Loki’s volva took a bow and straightened. She winked at Hafandi then vanished. Paid in full.

Hafandi had spent a lifetime organizing life to go in the right direction, as it was meant to go. She glanced through a window at her sisters, who sat panicked over the tangled threads of the weave she’d mussed as a distraction.

So intent on correcting the path of destiny, they had no idea what was coming.

She closed the door on Sylvara Valfreyja and Rolf of the Night Bloode and walked to a different door in her castle of infinite becoming. The only place she had ever belonged. A home of sorts, so far out of sync with the rest of the world that even the gods had forgotten it existed.

But not Hafandi. And not her new best friend. She opened a new door into the mundane realm, into a small town east of the city where that bitch, Hecate, had gathered a small, impressive force to counter a possible future growing closer.

The Darkness that Comes.

Such a cumbersome title for the funny little friend Hafandi had named Erland. Foreigner. Erland knew what it meant to be feared. To not belong. In Erland, Hafandi had finally found a friend who accepted her for all that she could be.

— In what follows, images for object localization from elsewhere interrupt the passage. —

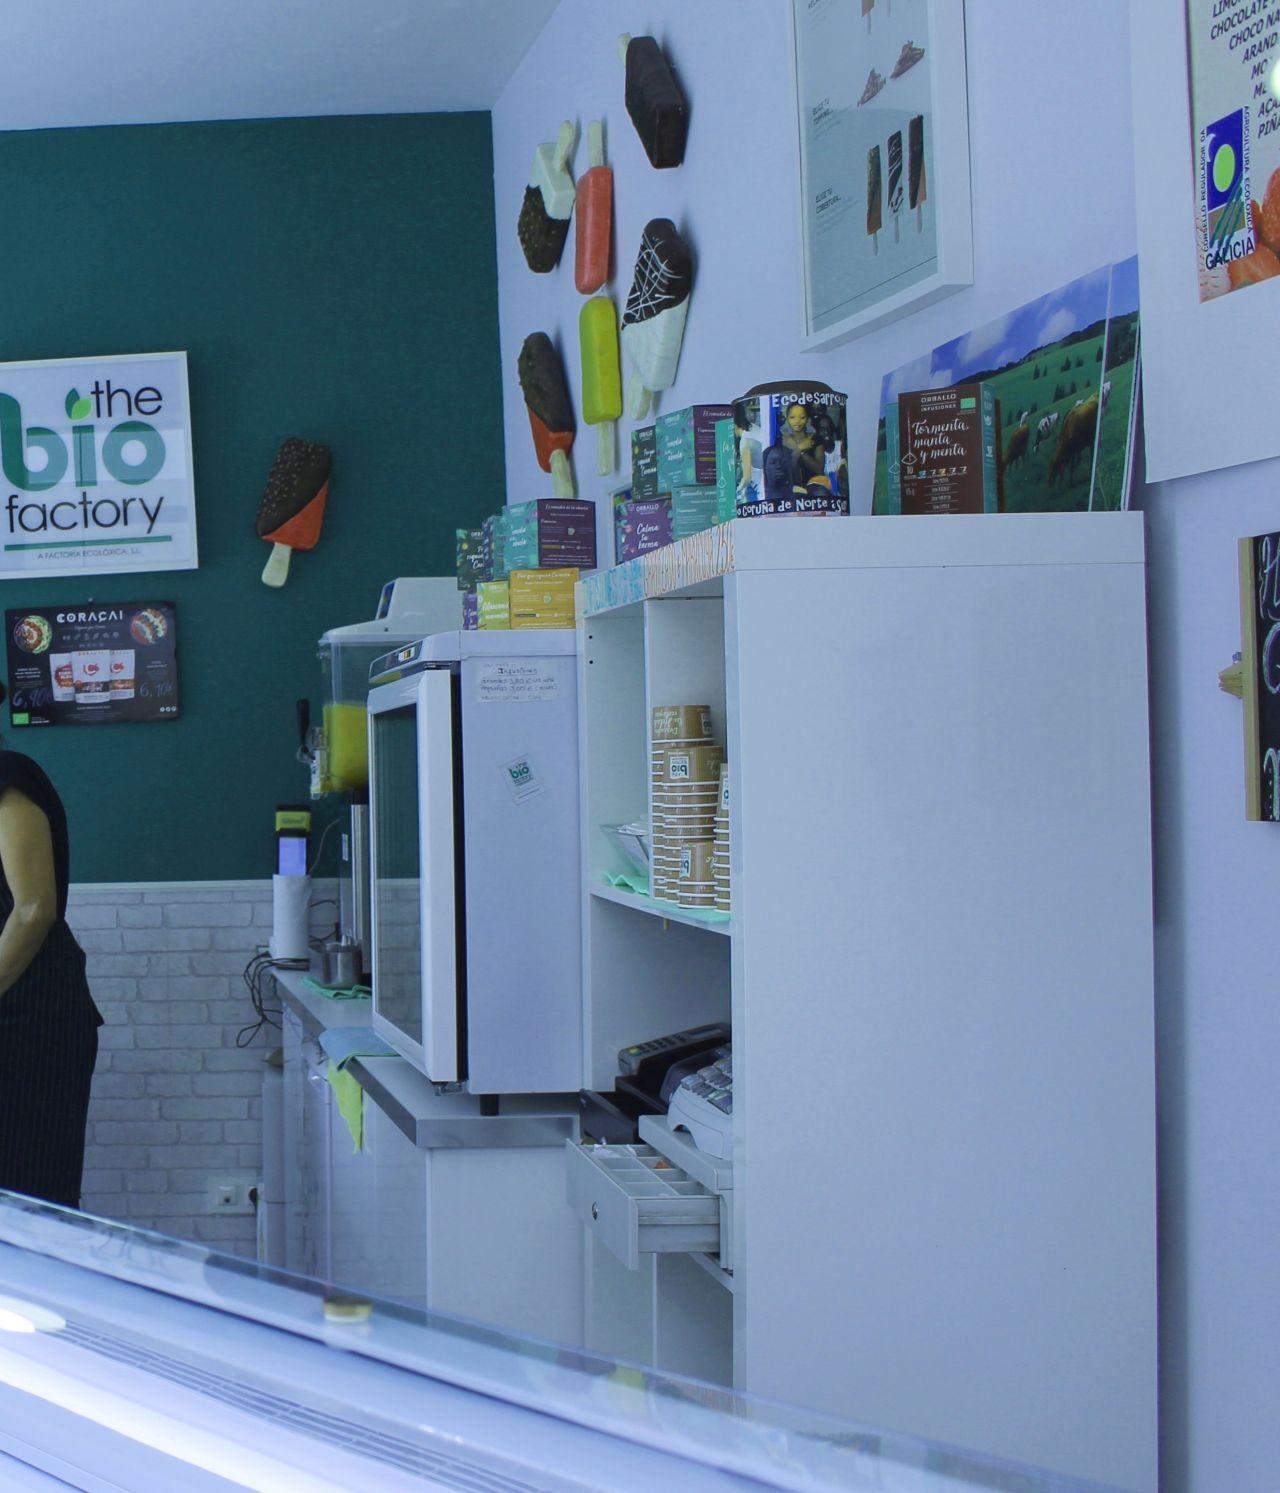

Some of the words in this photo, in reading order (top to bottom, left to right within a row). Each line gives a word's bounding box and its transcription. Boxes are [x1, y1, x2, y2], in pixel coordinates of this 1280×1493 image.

[1229, 18, 1264, 50] CHOCO
[1205, 237, 1255, 270] GALICIA
[91, 380, 162, 418] the
[921, 393, 956, 404] ORBALLO
[914, 432, 951, 449] manta
[920, 449, 928, 465] y
[930, 443, 967, 460] menta
[5, 491, 163, 533] factory
[742, 501, 774, 517] Coruña
[778, 499, 792, 512] de
[795, 498, 828, 512] Norte
[637, 523, 659, 535] Calma
[638, 540, 659, 550] karma
[57, 610, 124, 624] CORAÇAI
[508, 765, 529, 779] bio
[671, 764, 688, 776] bio

Unfortunately, Erland needed a bit of help to cross over. He—Erland had chosen a male form to adhere to the mortal essence of destruction and war—made a half decent mortal. She liked Erland assuming a human shape. A fitting end to mankind from one of its own.

“Come to me, dearest friend. It’s time we stopped being pen pals and met in person.” She smiled and stepped through the door into a dead-end alley behind a bookstore. There, she drew a line in the air, through which a small rift appeared.

A tear in the mundane plane, just large enough for hell to slide through.

And through that, for Erland to take his first step into the reality coming for so many.